A lousa digital do Banco Nación, após a decisão do Banco Central, mostrava um preço do dólar de 365,50 ante um fechamento de 298,5 na sexta-feira, antes das eleições para definir os candidatos para as presidenciais de 22 de outubro.
No paralelo chegou-se a pagar 685 pesos por dólar.
As coalizões contrárias ao governo peronista de Alberto Fernández defendem a desvalorização do peso e obtiveram quase 60% dos votos nas primárias.
O principal índice da Bolsa de Valores de Buenos Aires registrou alta de 3,30% e fechou em 496.114,56 pontos. O Banco Central aumentou a taxa básica de juros em 21 pontos, a 118%.
Milei, o candidato mais votado nas urnas, com 30% dos votos, havia dito durante a campanha que "é viável aplicar a dolarização, apesar de sobrar pesos e faltar dólares na economia".
A candidata mais votada pela coligação liberal de direita 'Juntos por el Cambio', Patricia Bullrich, havia prometido em várias entrevistas que se chegar ao governo, "subirá a taxa de câmbio", restrição que vigora desde o fim do governo liberal de Mauricio Macri (2015-19) e mantido pelo peronista Fernández.
A desvalorização desta segunda-feira é a maior correção cambial em um único dia desde a posse de Macri em dezembro de 2015.
O governo Fernández e o Banco Central vinham aplicando uma política de 'minidesvalorizações' diárias ("crawling peg"), embora a correção mensal acumulada da taxa de câmbio oficial tenha aumentado de 8% para 12% desde julho.

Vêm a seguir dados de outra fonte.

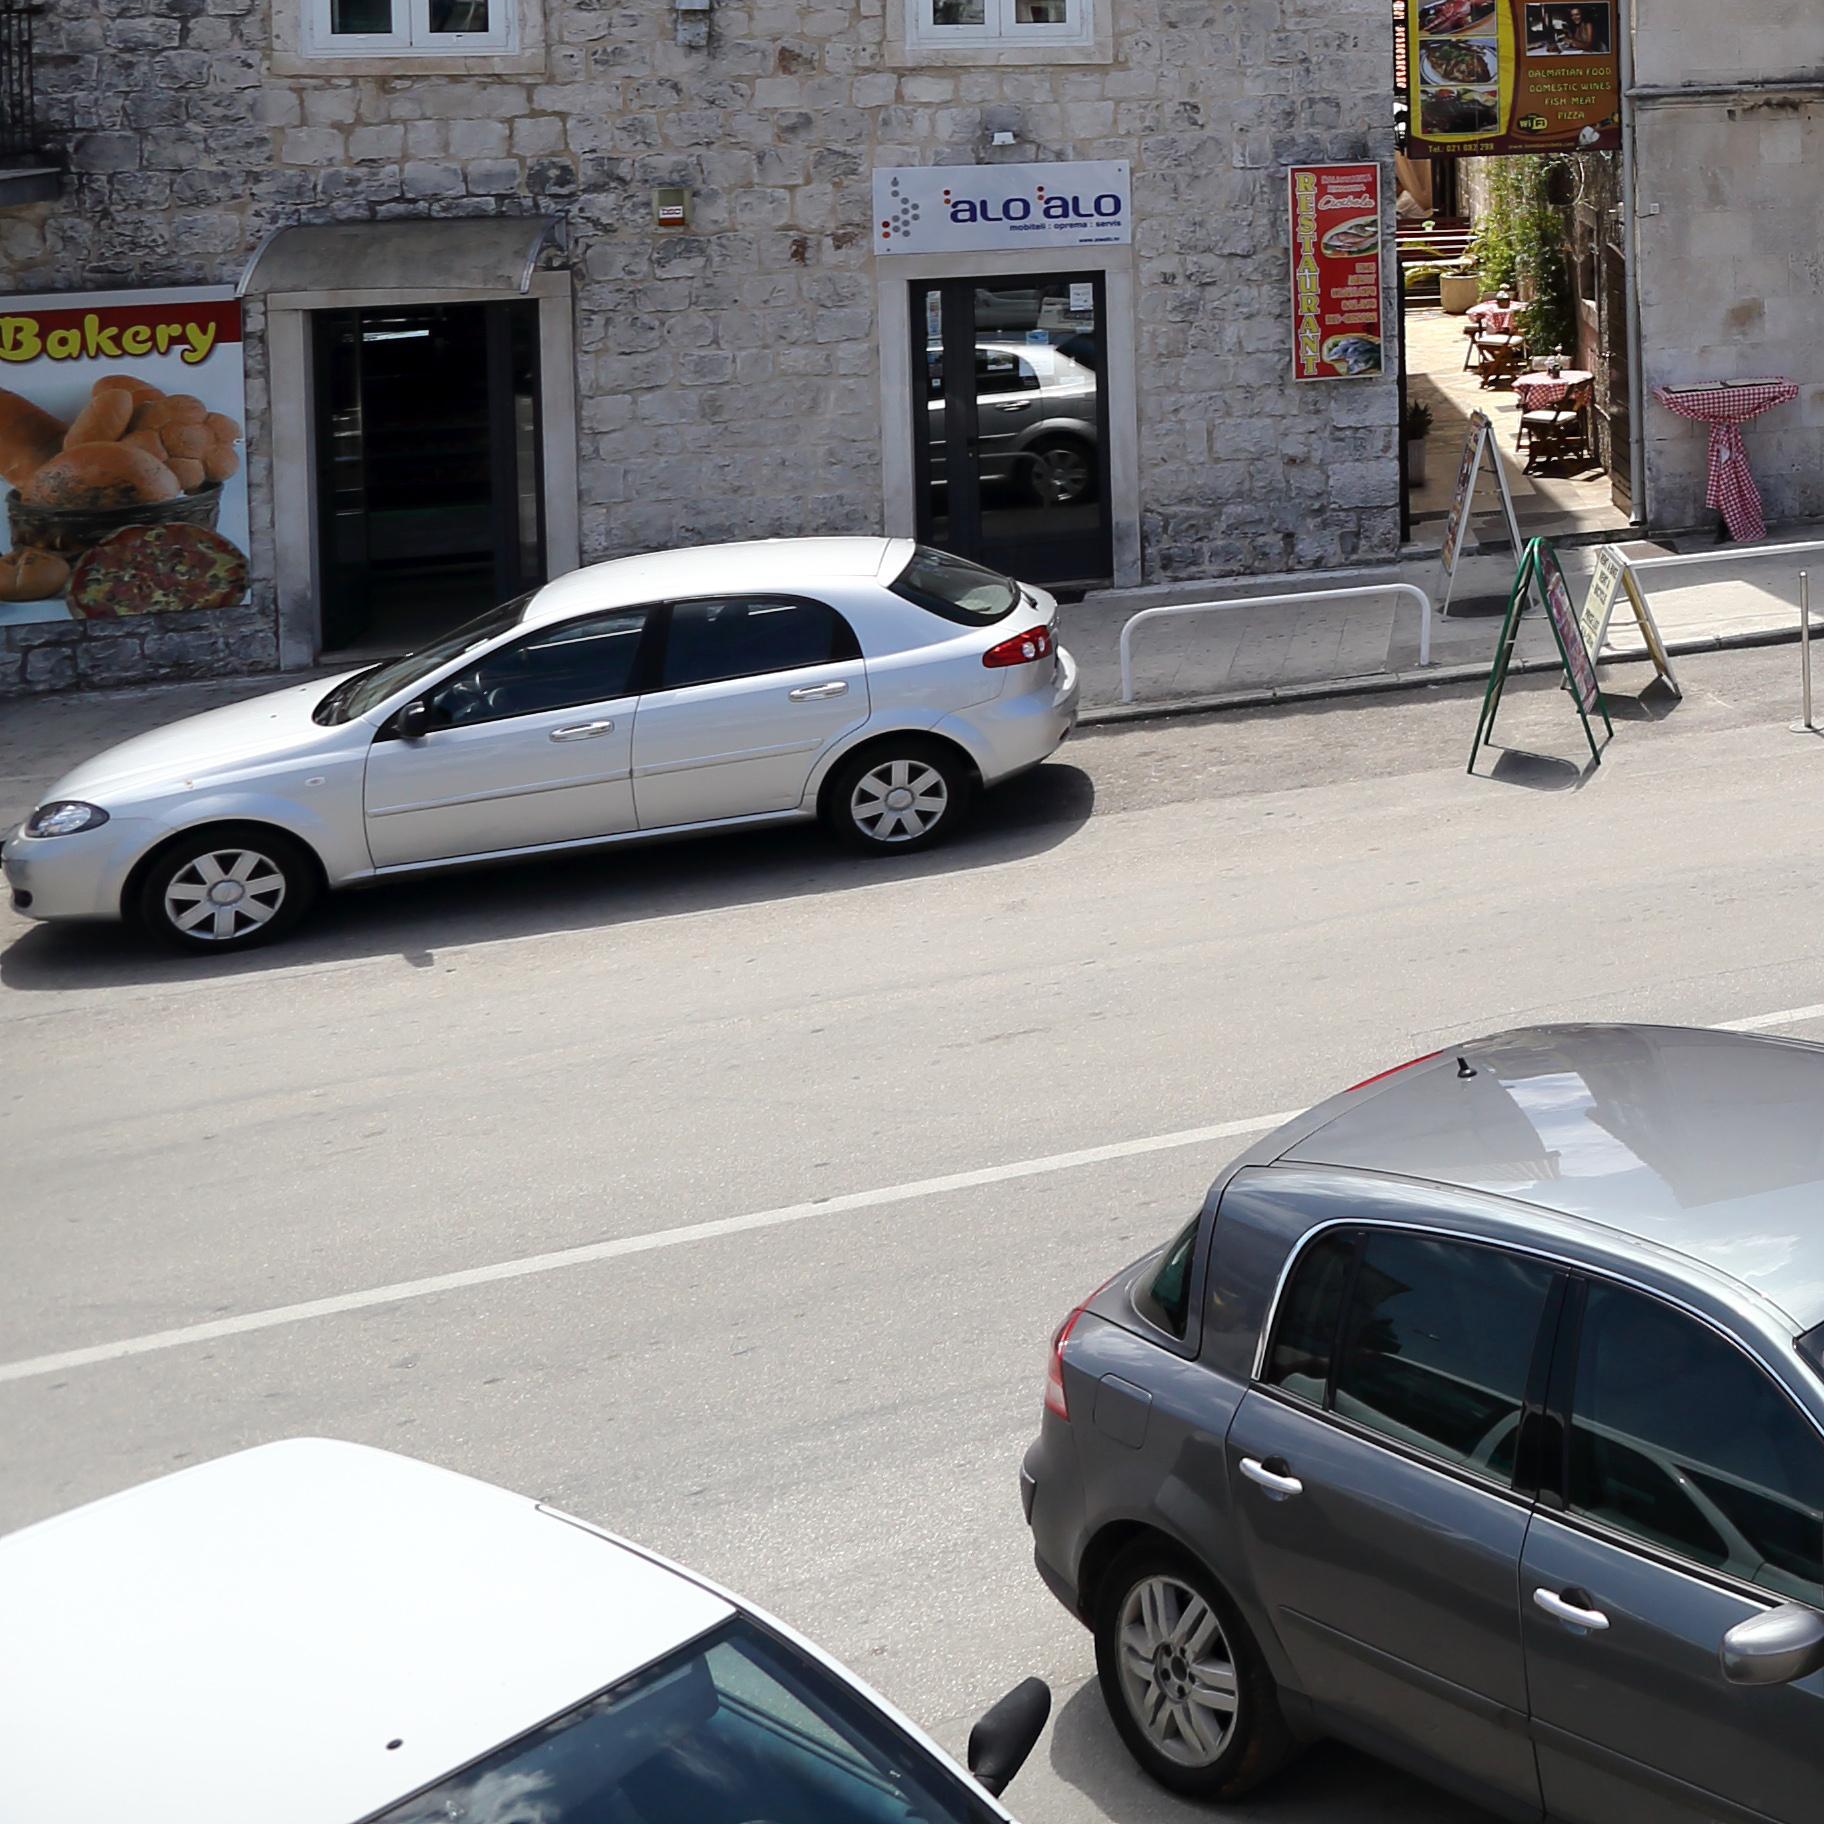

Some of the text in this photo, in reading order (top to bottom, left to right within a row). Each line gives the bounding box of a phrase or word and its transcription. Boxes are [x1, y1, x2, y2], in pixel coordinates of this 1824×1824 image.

[1528, 67, 1612, 78] DALMATIAN FOOD
[1529, 81, 1612, 93] DOMESTIC WINES
[1544, 96, 1597, 106] FISH MEAT
[1557, 111, 1585, 120] PIZZA
[1096, 220, 1122, 228] servis
[1295, 172, 1320, 375] RESTAURANT
[0, 314, 217, 364] Bakery

O candidato governista mais votado foi o ministro da Economia, Sergio Massa, da ala liberal de centro-direita do governo, com 21%. Ele venceu assim seu adversário interno, o esquerdista Juan Grabois, que somou 5,9%.

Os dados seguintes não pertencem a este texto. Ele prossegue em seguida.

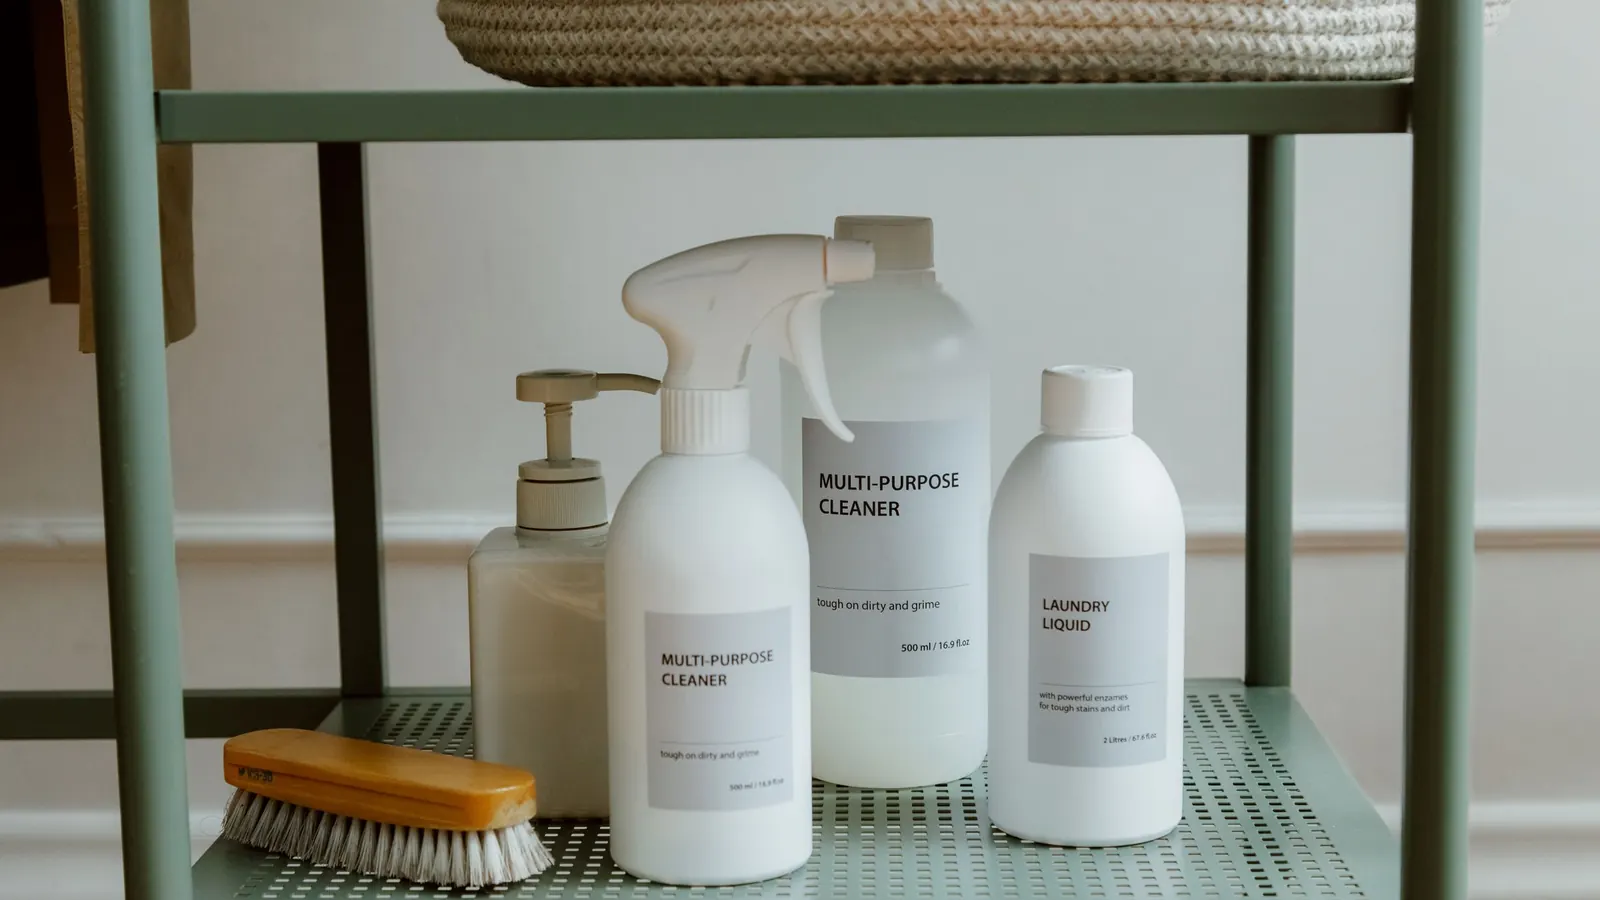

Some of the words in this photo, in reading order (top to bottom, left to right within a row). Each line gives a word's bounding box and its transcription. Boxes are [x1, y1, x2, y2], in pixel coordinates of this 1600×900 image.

Bullrich venceu as primárias de seu grupo com 17% e seu adversário, o prefeito de Buenos Aires, Horacio Rodríguez Larreta, foi derrotado com 11%.
- Inflação descontrolada -
A variação dos preços de varejo em julho será divulgada nesta terça-feira e analistas estimam que fique em torno de 6%.
"A Argentina desvalorizou o peso em cerca de 20% em relação ao dólar e aumentou a taxa de juros da política (monetária) para 118%. A economia está cambaleando", disse na segunda-feira o instituto de pesquisa Capital Economics.
O Banco Central disse, em nota, que era conveniente readequar "o nível das taxas de juros dos instrumentos de regulação monetária, em linha com a recalibração do nível da taxa de câmbio oficial".
O objetivo é "ancorar as expectativas cambiárias e minimizar o grau de transferência aos preços, mover-se para retornos reais sobre investimentos em moeda local [considerando a inflação] e favorecer o acúmulo de reservas internacionais", fragilizadas substancialmente este ano.
Em nota, o Fundo Monetário Internacional (FMI) aplaudiu as medidas e anunciou que reunirá sua diretoria em 23 de agosto "para aprovar os pagamentos acordados".
A economia argentina carrega o peso de uma grande emissão monetária e da enorme dívida pública, situação agravada em 2018, na gestão de Mauricio Macri, quando o FMI lhe concedeu um dos maiores empréstimos da história da instituição, de 57 bilhões de dólares (R$ 220 bilhões na cotação da época).
Ao assumir o cargo no final de 2019, o presidente Alberto Fernández renunciou às parcelas de desembolso pendentes, renegociando-as em 2021 como um acordo de US$ 44 bilhões (R$ 213,4 bilhões).
Porém, o acordo é cumprido a duras penas e obriga o país a fazer pesados desembolsos periódicos, além de cumprir as metas de redução do déficit fiscal em um contexto de 40% de pobreza com parte da população dependente de auxílios estatais.